[DATA FOR PROCESSING]:
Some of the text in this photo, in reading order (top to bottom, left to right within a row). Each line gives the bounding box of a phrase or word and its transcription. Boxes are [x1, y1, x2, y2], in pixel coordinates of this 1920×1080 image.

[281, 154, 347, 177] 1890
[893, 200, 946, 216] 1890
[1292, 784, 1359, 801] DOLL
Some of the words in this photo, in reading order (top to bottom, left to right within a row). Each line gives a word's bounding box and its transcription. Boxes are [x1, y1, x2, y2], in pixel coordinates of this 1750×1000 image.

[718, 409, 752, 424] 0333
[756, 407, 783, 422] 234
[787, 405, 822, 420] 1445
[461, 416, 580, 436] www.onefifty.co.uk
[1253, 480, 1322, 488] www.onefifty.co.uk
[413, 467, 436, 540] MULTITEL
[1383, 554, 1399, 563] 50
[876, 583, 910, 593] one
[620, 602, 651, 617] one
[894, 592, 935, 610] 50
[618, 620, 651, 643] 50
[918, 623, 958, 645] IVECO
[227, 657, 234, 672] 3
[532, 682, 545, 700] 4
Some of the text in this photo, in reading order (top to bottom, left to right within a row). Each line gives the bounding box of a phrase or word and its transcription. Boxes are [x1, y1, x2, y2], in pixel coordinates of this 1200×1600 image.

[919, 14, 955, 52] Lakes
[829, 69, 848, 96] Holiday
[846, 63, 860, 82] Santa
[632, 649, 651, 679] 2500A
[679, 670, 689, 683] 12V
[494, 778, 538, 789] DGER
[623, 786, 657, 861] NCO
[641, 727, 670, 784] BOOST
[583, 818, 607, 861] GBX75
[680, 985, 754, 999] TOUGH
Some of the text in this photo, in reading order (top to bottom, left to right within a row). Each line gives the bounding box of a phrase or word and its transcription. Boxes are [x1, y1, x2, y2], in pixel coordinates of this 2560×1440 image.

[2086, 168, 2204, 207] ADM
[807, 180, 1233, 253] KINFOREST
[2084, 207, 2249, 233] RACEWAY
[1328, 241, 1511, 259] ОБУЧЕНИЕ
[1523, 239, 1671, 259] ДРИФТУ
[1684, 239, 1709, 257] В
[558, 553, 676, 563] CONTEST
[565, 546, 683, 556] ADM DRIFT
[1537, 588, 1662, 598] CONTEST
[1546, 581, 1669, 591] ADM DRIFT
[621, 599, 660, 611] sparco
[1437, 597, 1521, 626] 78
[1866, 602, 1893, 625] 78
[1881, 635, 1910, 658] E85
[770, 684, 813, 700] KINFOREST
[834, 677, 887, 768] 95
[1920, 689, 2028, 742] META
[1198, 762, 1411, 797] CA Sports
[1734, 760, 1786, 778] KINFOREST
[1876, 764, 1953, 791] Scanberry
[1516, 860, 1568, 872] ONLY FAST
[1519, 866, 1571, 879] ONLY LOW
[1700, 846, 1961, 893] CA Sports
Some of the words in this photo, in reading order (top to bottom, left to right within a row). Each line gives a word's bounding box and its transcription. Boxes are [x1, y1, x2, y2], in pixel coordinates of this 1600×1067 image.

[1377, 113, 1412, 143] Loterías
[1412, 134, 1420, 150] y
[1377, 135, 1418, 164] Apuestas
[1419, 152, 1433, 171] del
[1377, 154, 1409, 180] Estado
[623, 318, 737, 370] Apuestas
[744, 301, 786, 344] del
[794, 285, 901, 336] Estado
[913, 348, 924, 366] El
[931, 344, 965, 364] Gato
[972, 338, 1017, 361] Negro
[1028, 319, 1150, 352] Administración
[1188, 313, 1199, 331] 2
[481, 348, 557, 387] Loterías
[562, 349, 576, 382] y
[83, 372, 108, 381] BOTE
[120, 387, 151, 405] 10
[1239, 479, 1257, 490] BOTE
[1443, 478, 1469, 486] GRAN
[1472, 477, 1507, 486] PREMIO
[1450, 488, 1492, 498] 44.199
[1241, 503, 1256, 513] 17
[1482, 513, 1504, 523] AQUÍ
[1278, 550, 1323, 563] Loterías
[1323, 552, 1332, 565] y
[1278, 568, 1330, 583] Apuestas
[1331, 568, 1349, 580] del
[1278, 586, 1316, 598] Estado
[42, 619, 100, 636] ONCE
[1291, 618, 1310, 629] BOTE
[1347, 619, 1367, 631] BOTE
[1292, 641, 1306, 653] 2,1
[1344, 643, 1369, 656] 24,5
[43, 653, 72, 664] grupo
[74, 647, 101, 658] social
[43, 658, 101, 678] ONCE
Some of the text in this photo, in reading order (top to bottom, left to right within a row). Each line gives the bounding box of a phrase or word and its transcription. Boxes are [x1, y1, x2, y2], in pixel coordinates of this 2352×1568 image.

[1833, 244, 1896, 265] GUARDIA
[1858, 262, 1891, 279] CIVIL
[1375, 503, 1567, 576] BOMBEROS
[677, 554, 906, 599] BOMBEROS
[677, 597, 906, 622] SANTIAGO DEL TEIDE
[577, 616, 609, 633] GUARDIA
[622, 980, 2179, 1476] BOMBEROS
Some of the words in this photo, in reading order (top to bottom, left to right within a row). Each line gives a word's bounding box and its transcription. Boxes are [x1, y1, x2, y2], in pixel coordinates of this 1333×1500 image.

[WORK ORDER]:
Write every record out again exactly.

[PROBLEM SOLUTION]:
Some of the text in this photo, in reading order (top to bottom, left to right within a row). Each line gives the bounding box of a phrase or word and its transcription. Boxes are [x1, y1, x2, y2], in pixel coordinates of this 1920×1080 image.

[281, 154, 347, 177] 1890
[893, 200, 946, 216] 1890
[1292, 784, 1359, 801] DOLL
Some of the words in this photo, in reading order (top to bottom, left to right within a row). Each line gives a word's bounding box and its transcription. Boxes are [x1, y1, x2, y2], in pixel coordinates of this 1750×1000 image.

[718, 409, 752, 424] 0333
[756, 407, 783, 422] 234
[787, 405, 822, 420] 1445
[461, 416, 580, 436] www.onefifty.co.uk
[1253, 480, 1322, 488] www.onefifty.co.uk
[413, 467, 436, 540] MULTITEL
[1383, 554, 1399, 563] 50
[876, 583, 910, 593] one
[620, 602, 651, 617] one
[894, 592, 935, 610] 50
[618, 620, 651, 643] 50
[918, 623, 958, 645] IVECO
[227, 657, 234, 672] 3
[532, 682, 545, 700] 4
Some of the text in this photo, in reading order (top to bottom, left to right within a row). Each line gives the bounding box of a phrase or word and its transcription. Boxes are [x1, y1, x2, y2], in pixel coordinates of this 1200×1600 image.

[919, 14, 955, 52] Lakes
[829, 69, 848, 96] Holiday
[846, 63, 860, 82] Santa
[632, 649, 651, 679] 2500A
[679, 670, 689, 683] 12V
[494, 778, 538, 789] DGER
[623, 786, 657, 861] NCO
[641, 727, 670, 784] BOOST
[583, 818, 607, 861] GBX75
[680, 985, 754, 999] TOUGH
Some of the text in this photo, in reading order (top to bottom, left to right within a row). Each line gives the bounding box of a phrase or word and its transcription. Boxes are [x1, y1, x2, y2], in pixel coordinates of this 2560×1440 image.

[2086, 168, 2204, 207] ADM
[807, 180, 1233, 253] KINFOREST
[2084, 207, 2249, 233] RACEWAY
[1328, 241, 1511, 259] ОБУЧЕНИЕ
[1523, 239, 1671, 259] ДРИФТУ
[1684, 239, 1709, 257] В
[558, 553, 676, 563] CONTEST
[565, 546, 683, 556] ADM DRIFT
[1537, 588, 1662, 598] CONTEST
[1546, 581, 1669, 591] ADM DRIFT
[621, 599, 660, 611] sparco
[1437, 597, 1521, 626] 78
[1866, 602, 1893, 625] 78
[1881, 635, 1910, 658] E85
[770, 684, 813, 700] KINFOREST
[834, 677, 887, 768] 95
[1920, 689, 2028, 742] META
[1198, 762, 1411, 797] CA Sports
[1734, 760, 1786, 778] KINFOREST
[1876, 764, 1953, 791] Scanberry
[1516, 860, 1568, 872] ONLY FAST
[1519, 866, 1571, 879] ONLY LOW
[1700, 846, 1961, 893] CA Sports
Some of the words in this photo, in reading order (top to bottom, left to right within a row). Each line gives a word's bounding box and its transcription. Boxes are [x1, y1, x2, y2], in pixel coordinates of this 1600×1067 image.

[1377, 113, 1412, 143] Loterías
[1412, 134, 1420, 150] y
[1377, 135, 1418, 164] Apuestas
[1419, 152, 1433, 171] del
[1377, 154, 1409, 180] Estado
[623, 318, 737, 370] Apuestas
[744, 301, 786, 344] del
[794, 285, 901, 336] Estado
[913, 348, 924, 366] El
[931, 344, 965, 364] Gato
[972, 338, 1017, 361] Negro
[1028, 319, 1150, 352] Administración
[1188, 313, 1199, 331] 2
[481, 348, 557, 387] Loterías
[562, 349, 576, 382] y
[83, 372, 108, 381] BOTE
[120, 387, 151, 405] 10
[1239, 479, 1257, 490] BOTE
[1443, 478, 1469, 486] GRAN
[1472, 477, 1507, 486] PREMIO
[1450, 488, 1492, 498] 44.199
[1241, 503, 1256, 513] 17
[1482, 513, 1504, 523] AQUÍ
[1278, 550, 1323, 563] Loterías
[1323, 552, 1332, 565] y
[1278, 568, 1330, 583] Apuestas
[1331, 568, 1349, 580] del
[1278, 586, 1316, 598] Estado
[42, 619, 100, 636] ONCE
[1291, 618, 1310, 629] BOTE
[1347, 619, 1367, 631] BOTE
[1292, 641, 1306, 653] 2,1
[1344, 643, 1369, 656] 24,5
[43, 653, 72, 664] grupo
[74, 647, 101, 658] social
[43, 658, 101, 678] ONCE
Some of the text in this photo, in reading order (top to bottom, left to right within a row). Each line gives the bounding box of a phrase or word and its transcription. Boxes are [x1, y1, x2, y2], in pixel coordinates of this 2352×1568 image.

[1833, 244, 1896, 265] GUARDIA
[1858, 262, 1891, 279] CIVIL
[1375, 503, 1567, 576] BOMBEROS
[677, 554, 906, 599] BOMBEROS
[677, 597, 906, 622] SANTIAGO DEL TEIDE
[577, 616, 609, 633] GUARDIA
[622, 980, 2179, 1476] BOMBEROS
Some of the words in this photo, in reading order (top to bottom, left to right within a row). Each line gives a word's bounding box and its transcription. Boxes are [x1, y1, x2, y2], in pixel coordinates of this 1333×1500 image.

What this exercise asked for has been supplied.